Laminate is a product created by bonding two or more layers of thin material together to form a thicker, stronger material. The process of wood lamination has ancient origins. Traces of laminated wood have been found by archaeologists in the tombs of the pharaohs. The Chinese shaved wood and glued it together more than a thousand years ago. Wood lamination continued to evolve as technology refined the process for ever-changing laminate applications.
Early Modern Era
The English and French used a form of laminate using layers of hardwood in furniture making in the 17th and 18th centuries. Russia used a similar process in the 19th century. All of these early laminates were used to make household items such as cabinets, desk tops, chests and doors. Construction-grade laminates such as plywood, made from softwood, did not appear until the 20th century.

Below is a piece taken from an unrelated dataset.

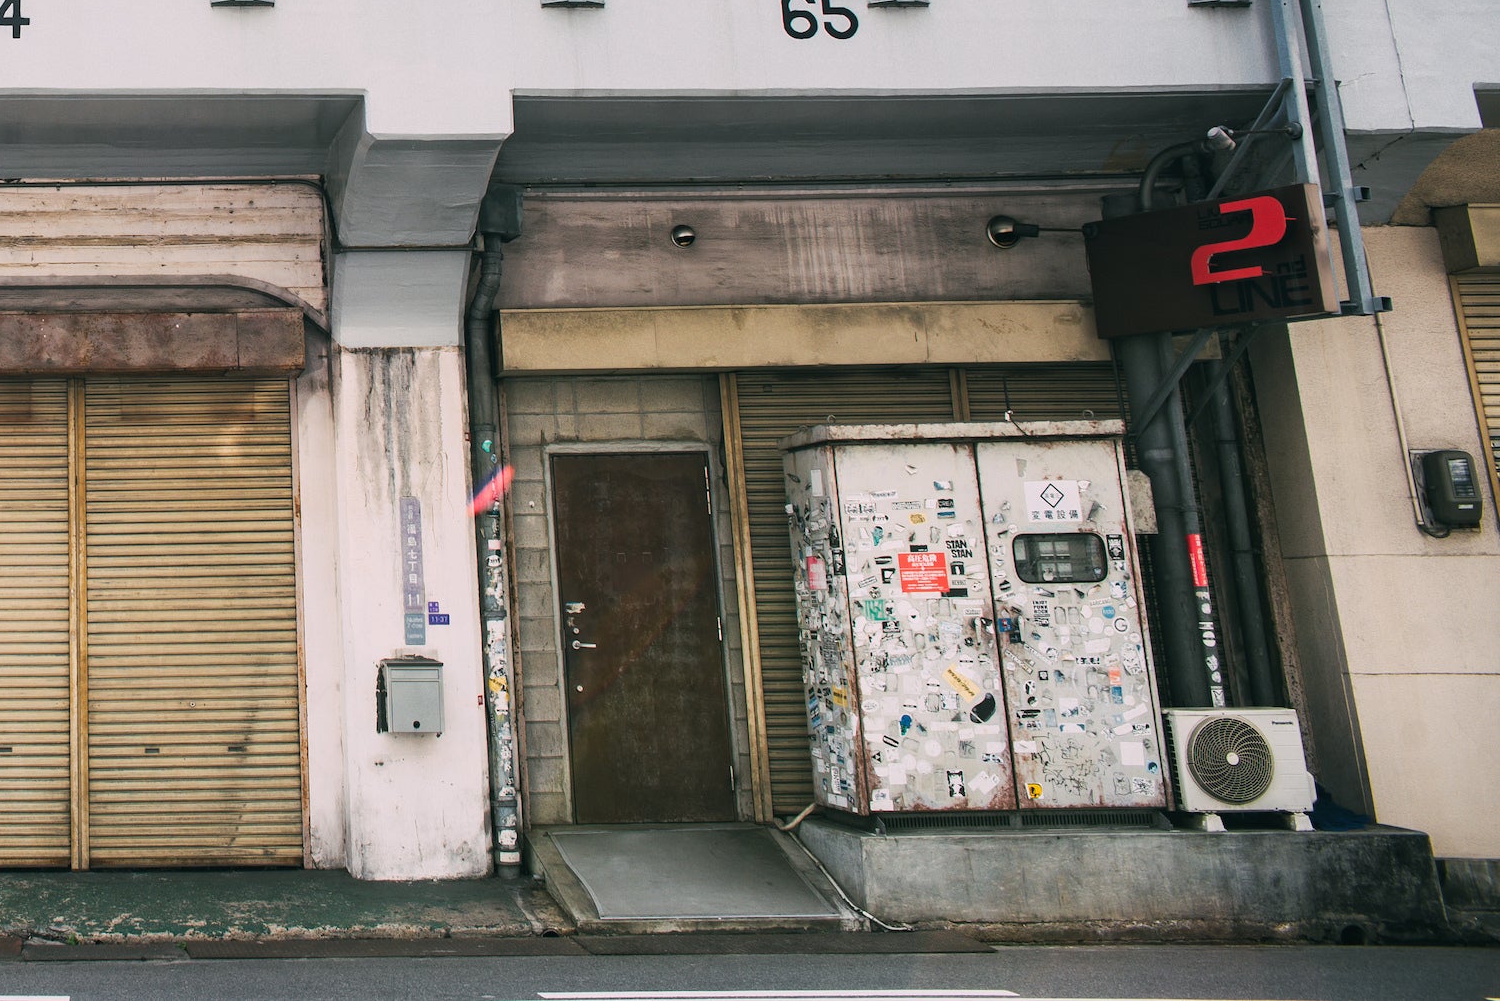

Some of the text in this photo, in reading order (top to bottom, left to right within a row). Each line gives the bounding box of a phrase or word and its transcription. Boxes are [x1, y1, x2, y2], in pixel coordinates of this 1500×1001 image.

John K. Mayo of New York City was issued a patent for plywood on December 26, 1865. A reissue of Mayo's patent, dated August 18, 1868, described the invention as "cementing or otherwise fastening together a number of these scales of sheets, with the grain of the successive pieces, or some of them, running crosswise or diversely from that of the others." Apparently, Mayo never made money on his patents.
In 1905, at a World's Fair in Portland, Oregon, the Portland Manufacturing Co. showcased wood panels laminated from a variety of softwoods from the Pacific Northwest. The product, called three-ply veneer work, was created using paint brushes to spread the glue and house jacks to press the pieces together. By 1907, the company installed an automatic glue spreader and sectional hand press to produce 420 panels a day.

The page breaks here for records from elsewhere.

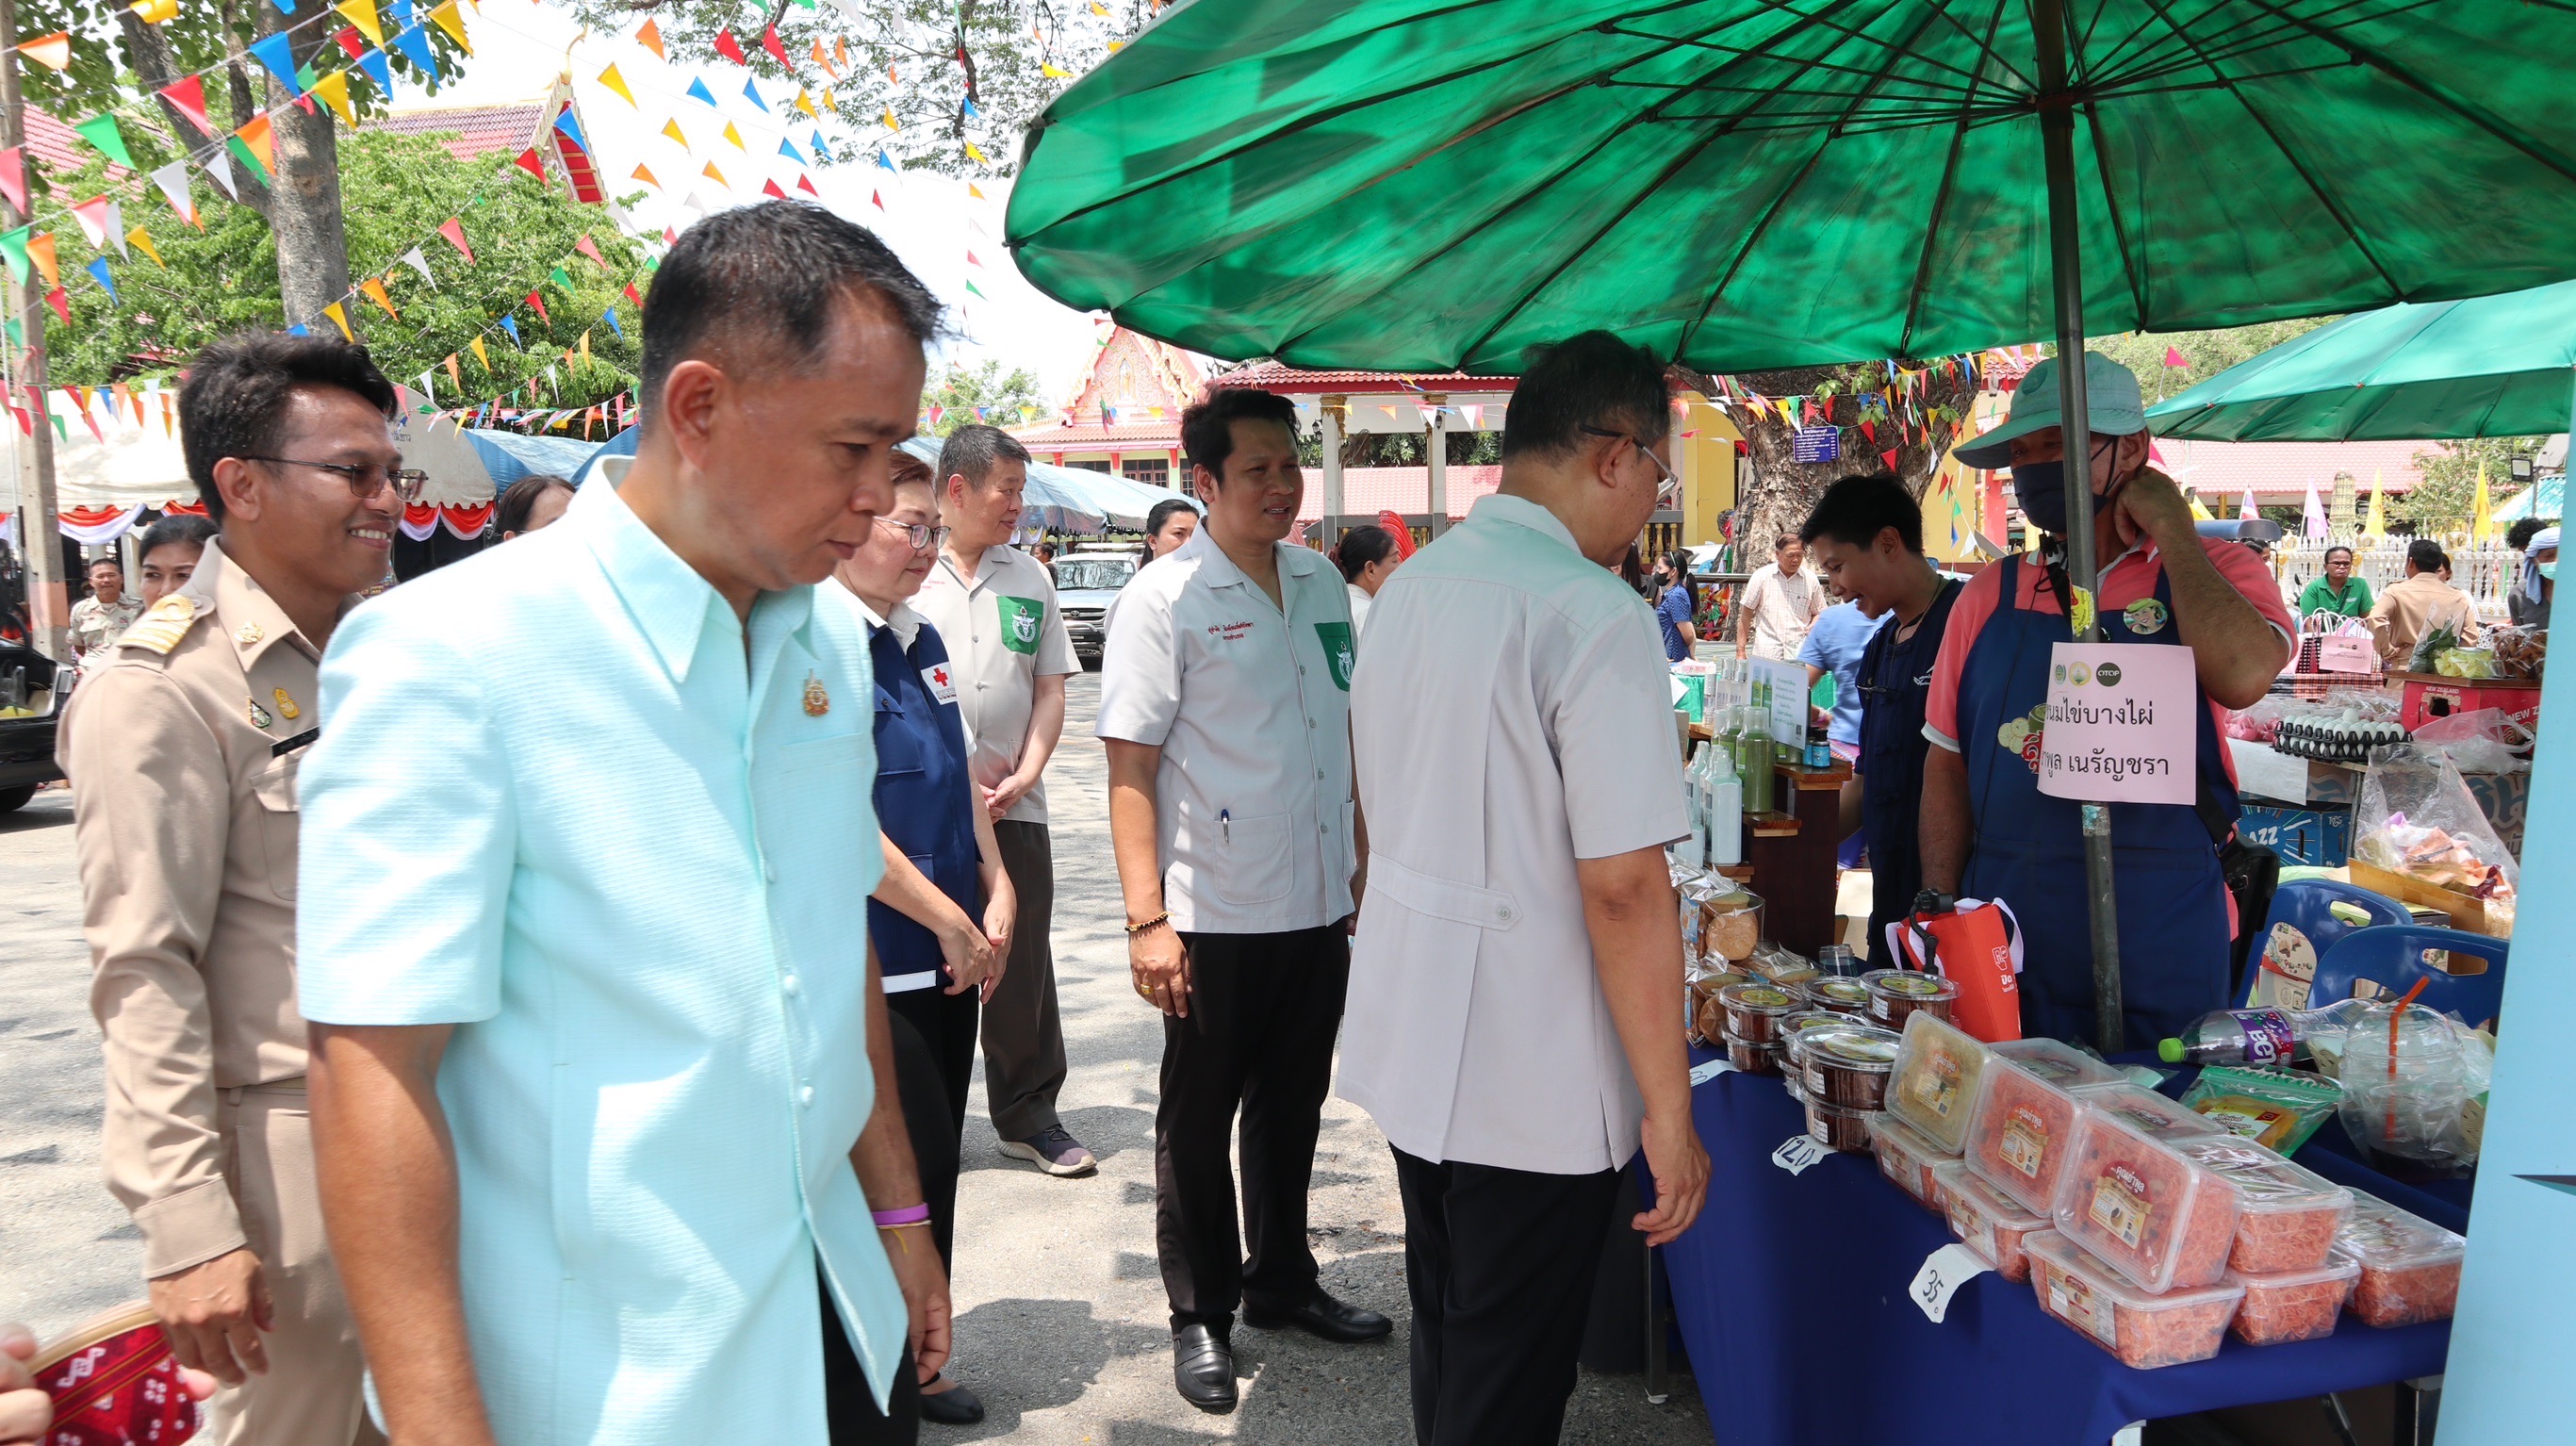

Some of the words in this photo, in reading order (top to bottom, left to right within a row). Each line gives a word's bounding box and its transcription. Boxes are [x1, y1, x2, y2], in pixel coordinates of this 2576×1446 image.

[2437, 686, 2460, 695] ZEALAND
[2508, 708, 2530, 721] NEW
[2041, 750, 2062, 779] าพูล
[2069, 748, 2169, 782] เนรัญชรา
[2249, 826, 2278, 846] AZZ

Until 1920, laminates were used exclusively for door panels. That year, Elliot Bay Plywood in Seattle began selling plywood to car manufacturers for use on running boards. The lack of waterproof adhesives in plywood led to running boards made of metal by the 1930s. In 1934, Dr. James Nevin, a chemist working for Harbor Plywood Corp. in Aberdeen, Washington, formulated a waterproof adhesive for the lamination process.
Plywood Manufacturers Organize
In 1933, the various plywood companies operating in the Pacific Northwest organized to form the Douglas Fir Plywood Association. Uniform standards were devised for interior and exterior grade plywood, and its use in construction before, during and after World War Two boomed. In the late 1950s and early 1960s, Georgia-Pacific Corp. began making plywood using southern pine. In 1964, the Douglas Fir Plywood Association changed its name to the American Plywood Association.
Engineered Wood Products
In the late 1970s and early 1980s lamination began to produce oriented strand board. Plywood is made by laminating solid sheets of veneer. Oriented strand board is made of small wood strands glued together in cross-laminated layers. Other engineered wood products using lamination available today are wood I-joists, laminated veneer lumber, glued-laminated timber and oriented strand lumber. All of these laminated products offer strength, performance and the conservation of forest resources.